リアン・ライムスの歌唱です。彼女は1982年の生まれで、レコード・デビューが13歳だったことから話題になりました。この「ハウ・ドゥ・アイ・リヴ」は1997年ですから、まだ14~5歳のローティンだったわけですね。まるでアメリカの美空ひばりみたいですね(って、例えが昭和ですなぁ)。あるいはアメリカでは、まるでジュディ・ガーランドみたい、って言うのかな(笑)。『オズの魔法使い』(1939年)で「虹の彼方に」を歌ったのは16歳でしたからね。

 


この曲が作られる元になったのは映画『コンエア』で、主題歌として発注されたんだそうです。
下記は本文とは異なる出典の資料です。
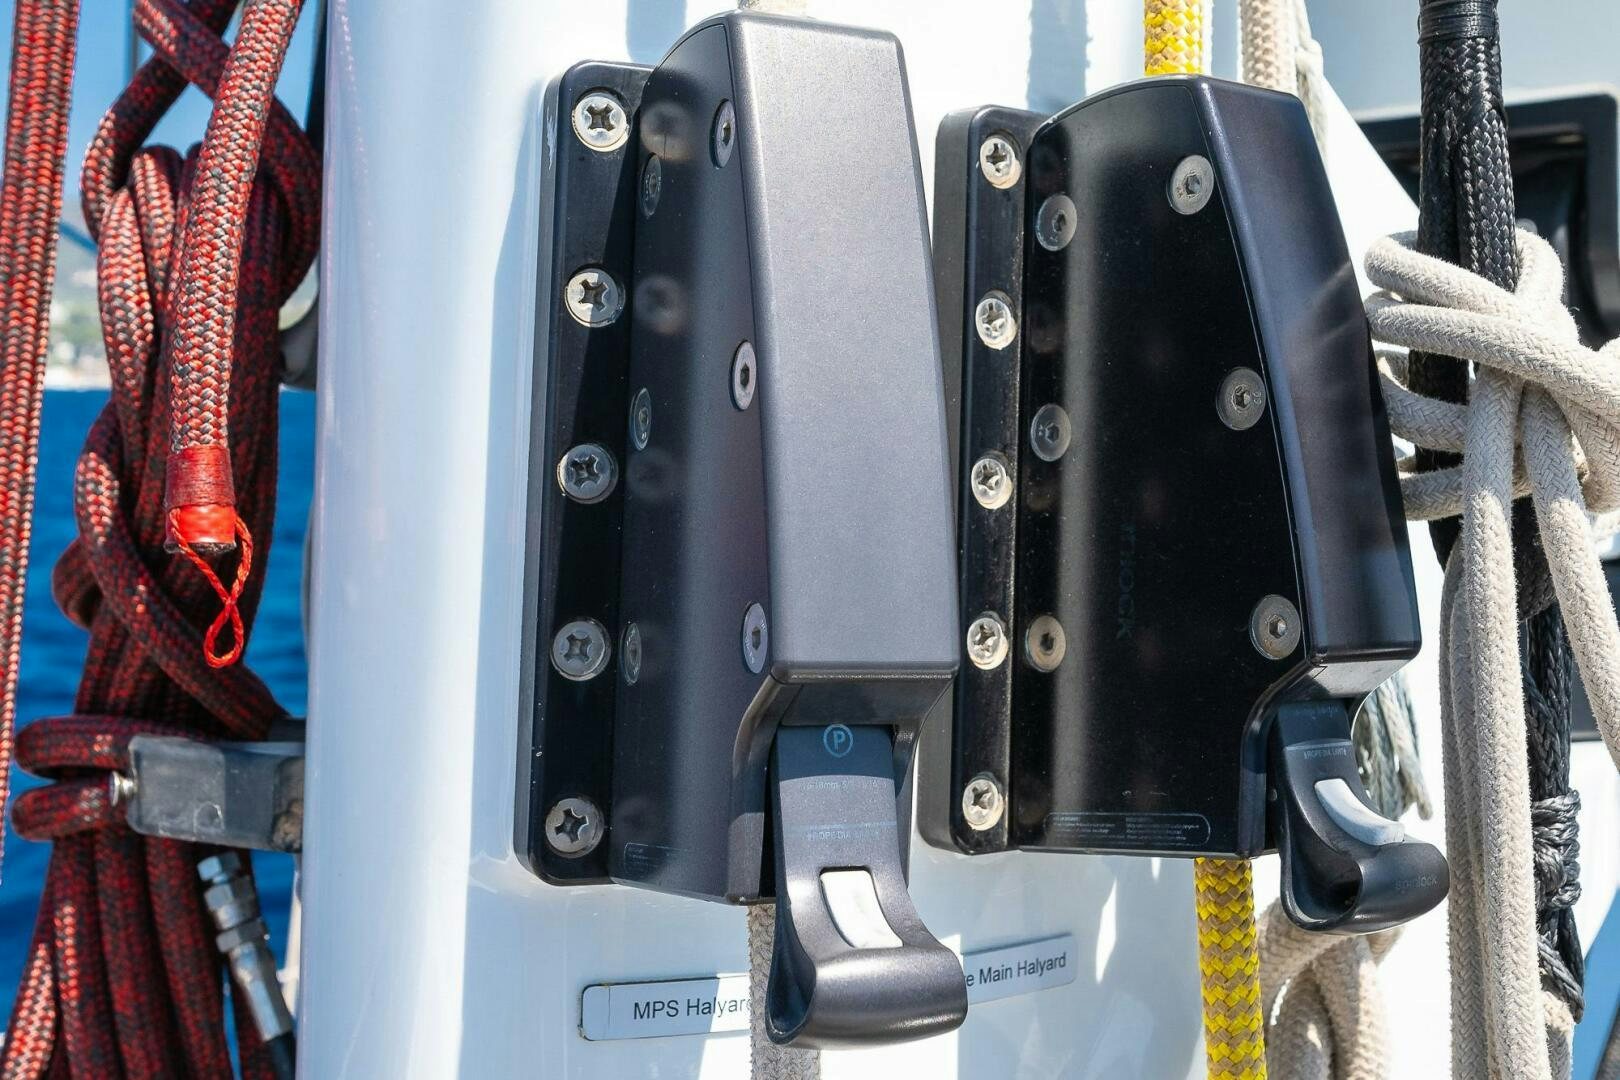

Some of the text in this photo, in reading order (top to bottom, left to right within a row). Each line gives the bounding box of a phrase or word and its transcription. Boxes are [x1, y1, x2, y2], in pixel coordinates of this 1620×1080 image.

映画で使われたといわれる(映画を観ていないので確認しておりませんが)トリーシャ・イヤウッドのヴァージョンです。

 


ダイアン・ウォーレンのゆかりでしょうか、トニ・ブラクストンとトリーシャ・イヤウッドがデュエット・ライヴで「ハウ・ドゥ・アイ・リヴ」を歌っています。ホントにいい曲だと思いませんか?

 

 

アメリカではビルボードHot100に69週もランクインするという記録を作った名曲だと意気込んではみたものの、YouTubeではこの程度の映像しか見つけられませんでした。残念です。

 

ちなみに10年度ごとのベスト・ワン・ソングを抜き出してみたいと思います。

 

1960年代:ツイストNo.1/チャビー・チェッカー
1970年代:恋するデビー(原題:You Light Up My Life)/デビー・ブーン
1980年代:フィジカル/オリヴィア・ニュートン・ジョン
1990年代:ハウ・ドゥ・アイ・リヴ/リアン・ライムス
2000年代:ウィ・ビロング・トゥゲザー/マライア・キャリー(これも意外!世紀をまたいでから、CDビジネスが凋落して音楽配信にシフトチェンジしたからでしょうか)

 

いかがですか?でも1955年から始まったビルボードHot100(現行チャート集計方式による)なので、1950年代のまとめ集計リストはありませんでした。それにしても「恋するデビー」ってタイトル、しらけますよね。

 

こんな邦題を付けてしまった罪は重いですねぇ、とこの「ハウ・ドゥ・アイ・リヴ」のカヴァー録音が少ないことへの八つ当たり(笑)。


【余談~この曲にまつわる謎】

実は90年代を代表する曲なのにあまりにカヴァーが少ないので、YouTubeを検索しまくっているときに、エルヴィス・プレスリーの歌う「ハウ・ドゥ・アイ・リヴ」が出てきたのです。キャー。

 

エルヴィスが亡くなったのは、1977年の8月16日でした(ボクはその日、実家の京都から新幹線に乗る予定でした。その日は大文字の送り火の日だったのを妙に覚えています)。

 

ダイアン・ウォーレンがこの曲を作ったのが1997年。一瞬、亡くなってから20年後に送り火とともにエルヴィスが録音のためにお精霊さんとなって戻ってきたのか?とドッキリしました。冗談ですけどね。

 

どうやらこの声の主は、エルヴィスのそっくりさん、ジミー・エリスのものではないかというのがこの謎のオチのようですが、それにしても良く似ていますね。エルヴィスが歌ってもこういう歌い方をするだろうな、という特徴をキャッチしていて見事です。

 

 

エルヴィス研究家のご見解をうかがいたいものです。